🍽️ You choose

Plus: More homes are selling at a loss, watching the U.S. dollar drop, what one smart investor thinks, and more...

Together With

Hey Future Funders family,

We were sad to hear that Charlie Munger passed last week at 99 years old. Mr. Munger was one of the greatest investors of all time most famously know as Warren Buffett’s partner at Berkshire Hathaway.

His keynote address at USC Law School graduation in 2007 is worth every parent watching and talking about with your kids.

Okay let’s get to it…

💬 Quote Of The Week

“Raising kids is like being constantly surrounded by a tiny sales team. They’re always trying to persuade you into doing or buying something. And they assume everything you say is just an opening offer.”

🚀 What’s happening: Markets were hot in November with most of the major indices above up about 9% on the month.

The hot run can be attributed to two main reasons:

  • People now firmly believe inflation is under control and the Fed is done raising interest rates.

  • People also now believe we will start to see interest rates move lower by mid 2024.

The expectations for where rates sit at the end of 2024 have come down dramatically through November; at current levels the market is now factoring in a year end 2024 interest rate of a whopping 3.99% (from 5.25-5.50% now).

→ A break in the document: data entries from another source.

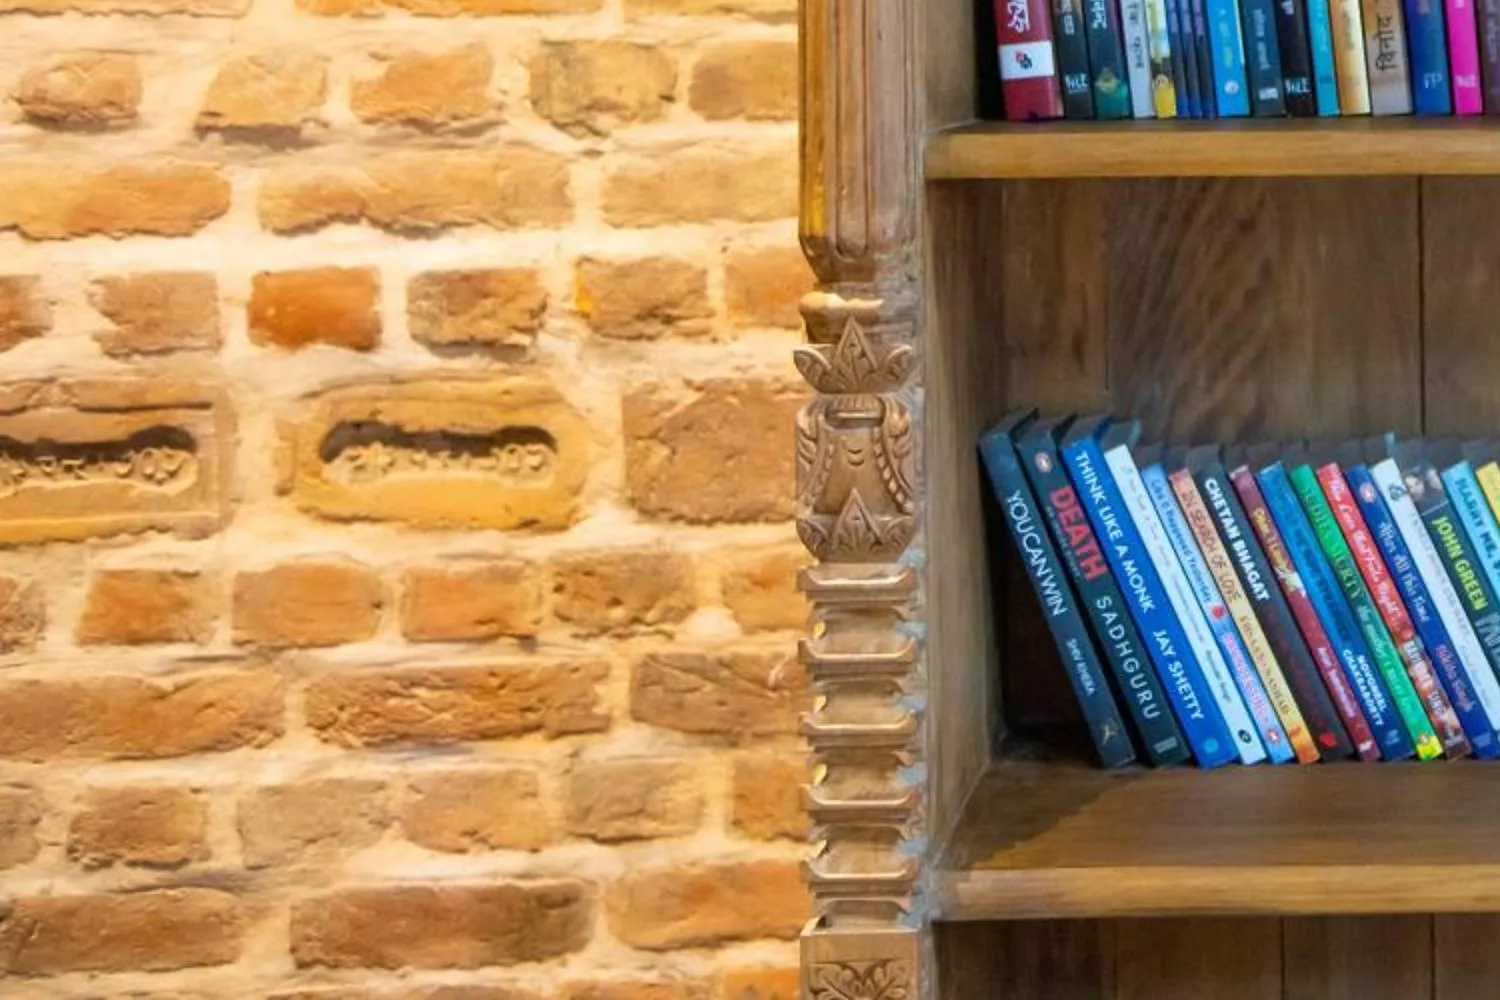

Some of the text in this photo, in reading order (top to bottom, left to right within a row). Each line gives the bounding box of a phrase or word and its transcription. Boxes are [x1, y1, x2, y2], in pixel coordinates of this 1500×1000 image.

[1047, 483, 1108, 581] DEATH
[1073, 451, 1156, 614] THINK LIKE A MONK
[1188, 508, 1219, 554] SEARCH
[1201, 476, 1242, 540] CHETAN
[1229, 538, 1271, 603] BHAGAT
[1209, 553, 1227, 572] OF
[1431, 513, 1464, 559] JOHN
[1452, 557, 1489, 612] GREEN
[1453, 476, 1486, 528] MARRY
[1477, 530, 1500, 559] ME,
[1217, 571, 1241, 604] LOVE
[1092, 594, 1162, 721] SADHGURU
[1151, 627, 1205, 723] JAY SHETTY

 👪 Closer to home: We are a bit more cautious on the current interest rate forecasts being priced into the market thinking it’s unlikely that rates will fall that fast (3.99% a year from now looks a bit crazy to us). As such, we take a more neutral stance on the prospect for a continued stock market run in the near term.

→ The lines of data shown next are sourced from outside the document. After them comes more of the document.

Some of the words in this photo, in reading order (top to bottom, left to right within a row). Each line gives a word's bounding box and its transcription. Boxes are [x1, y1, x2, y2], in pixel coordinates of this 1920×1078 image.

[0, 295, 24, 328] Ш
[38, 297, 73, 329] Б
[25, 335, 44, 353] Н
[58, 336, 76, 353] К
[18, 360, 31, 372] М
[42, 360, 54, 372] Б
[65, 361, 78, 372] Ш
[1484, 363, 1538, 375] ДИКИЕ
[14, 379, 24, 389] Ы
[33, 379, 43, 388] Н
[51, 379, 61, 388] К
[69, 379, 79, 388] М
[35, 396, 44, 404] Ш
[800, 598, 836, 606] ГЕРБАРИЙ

*Stock data as of 12/1 market close, bitcoin as of 4pm 12/1. Here is what these numbers mean.

🍽️ Main Course

Your Money And Your Kids

Chose Wisely

🚀 What’s happening: After years of savers getting hosed by low interest rates, 2023 finally gave us some low risk options to stash our cash and still earn a return above inflation.

For example, putting your money in simple U.S. Treasury Bills or certificates of deposit (CDs) can earn you a 4% or 5% return with inflation right now running at 3.2% based on the latest Consumer Price Index (we talk about low risk investment options in more depth here).

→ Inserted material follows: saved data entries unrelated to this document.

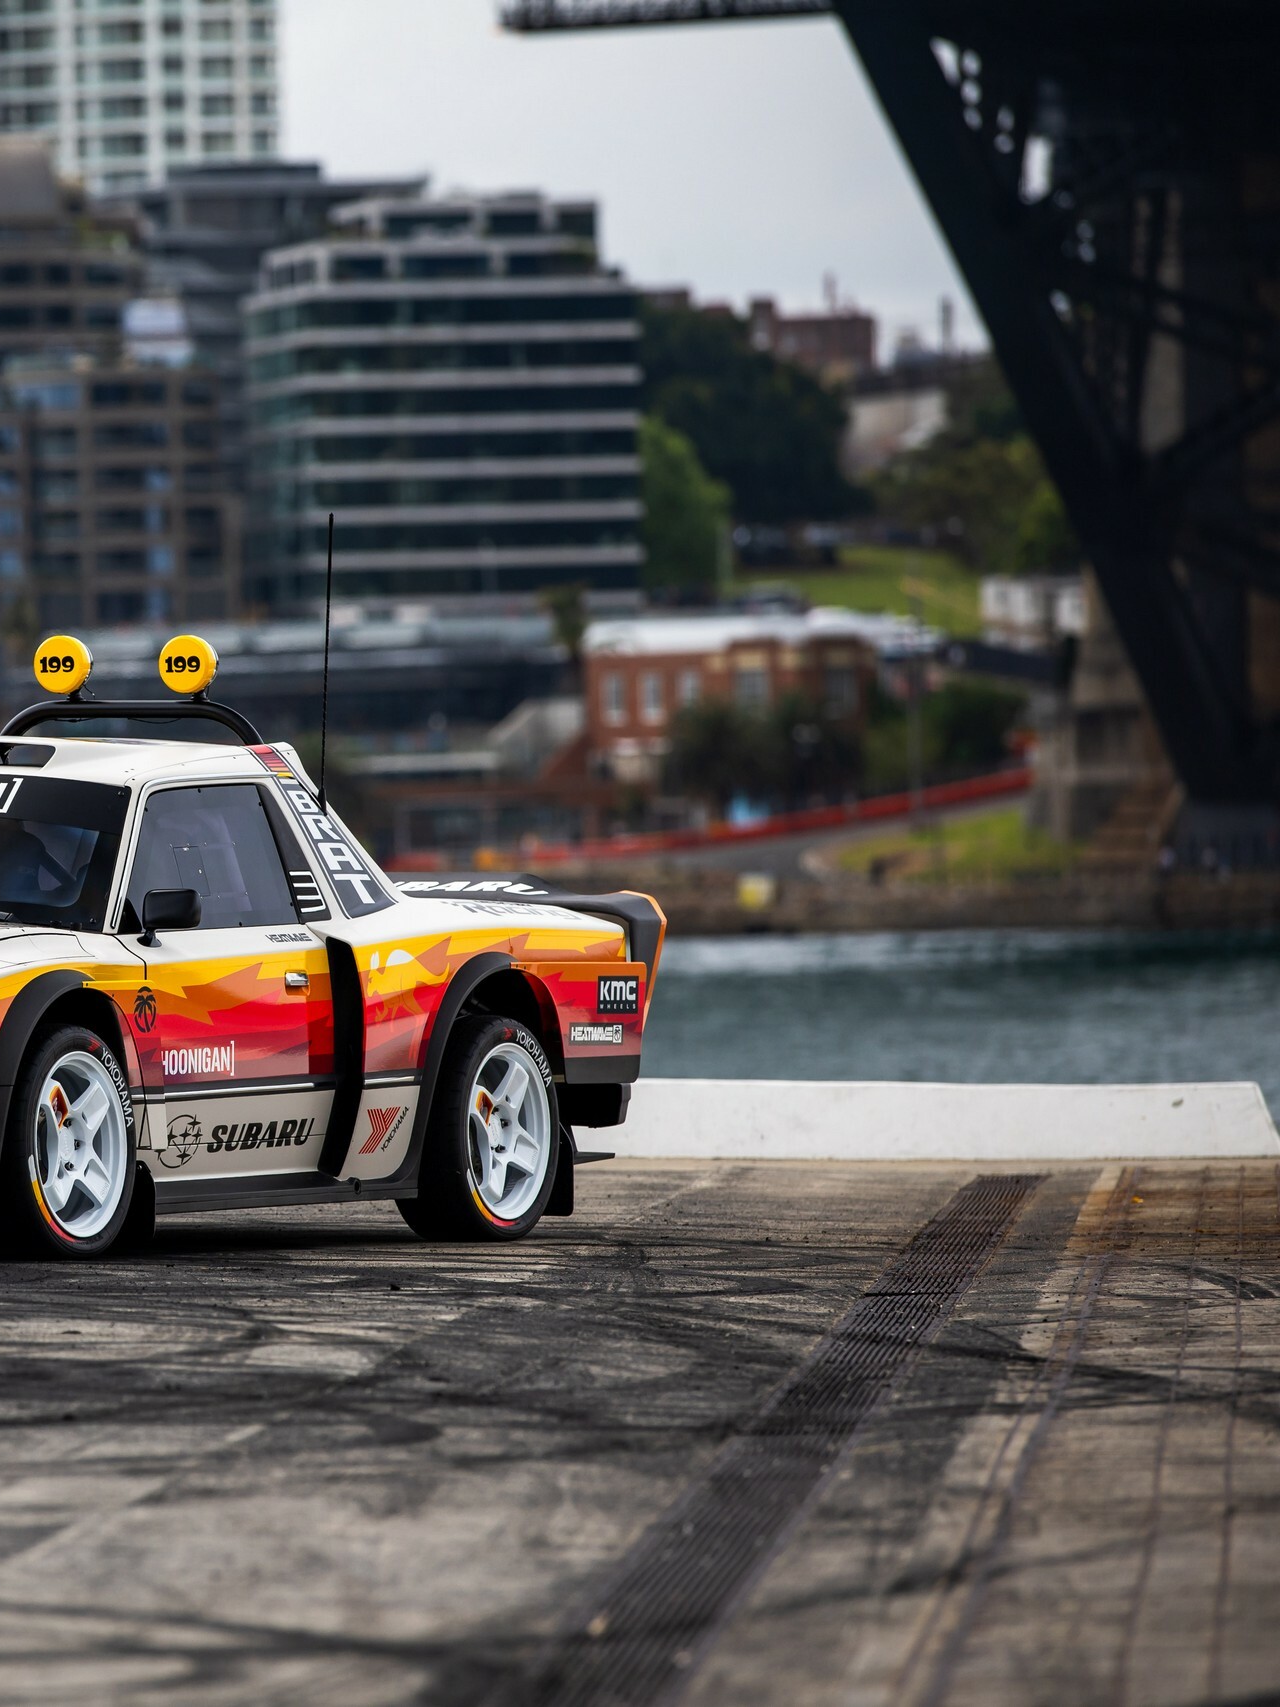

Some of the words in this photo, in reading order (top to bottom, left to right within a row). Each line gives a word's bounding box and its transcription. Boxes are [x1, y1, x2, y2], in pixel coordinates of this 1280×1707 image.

[39, 656, 75, 673] 199
[165, 655, 201, 673] 199
[287, 790, 376, 904] BRAT
[393, 881, 549, 895] BARU
[600, 980, 637, 1001] KMC
[571, 1026, 613, 1041] HEATWAVE
[516, 1029, 552, 1088] YOKOHAMA
[101, 1047, 134, 1127] YOKOHAMA
[207, 1118, 315, 1153] SUBARU

Investors in the stock market also are doing well this year with the S&P 500 up almost 20% year to date (although it’s worth pointing out here we are still below the market’s peak hit on January 3rd 2022).

Whatever you invested in, most families’ 401(k)s or brokerage accounts were positive, which is a relief after a tougher 2022 for most people.

But now we all have to make an important decision with our investment accounts as we look to 2024.


If the market is right and we start to see interest rates move lower in 2024, this will also lower the interest we will receive on low risk investments (Treasury Bills, bonds, CDs, etc), possibly to a point below inflation again.

On the flip side, after the run the market has had this year, it’s hard for anyone to confidently say how it will do in 2024. After all, it’s not hard to look around and see risks (economic slowdown, geopolitical risks, global elections, etc). Leaving money mostly in the market then would mean another role of the dice.

So the question for all of us today to consider is what do we do with our investment mix?

Do you try to allocate more money to locking in the 4 or 5% interest rates you can get today by buying longer term safe investments before they come down (ex. 5 year CDs or 10 year Treasury Bills), or do you roll the dice with most of your investments and play the market again in 2024?

👪 Closer to home: We caveat our view here by saying the answer likely will depend on you and your family’s unique situation.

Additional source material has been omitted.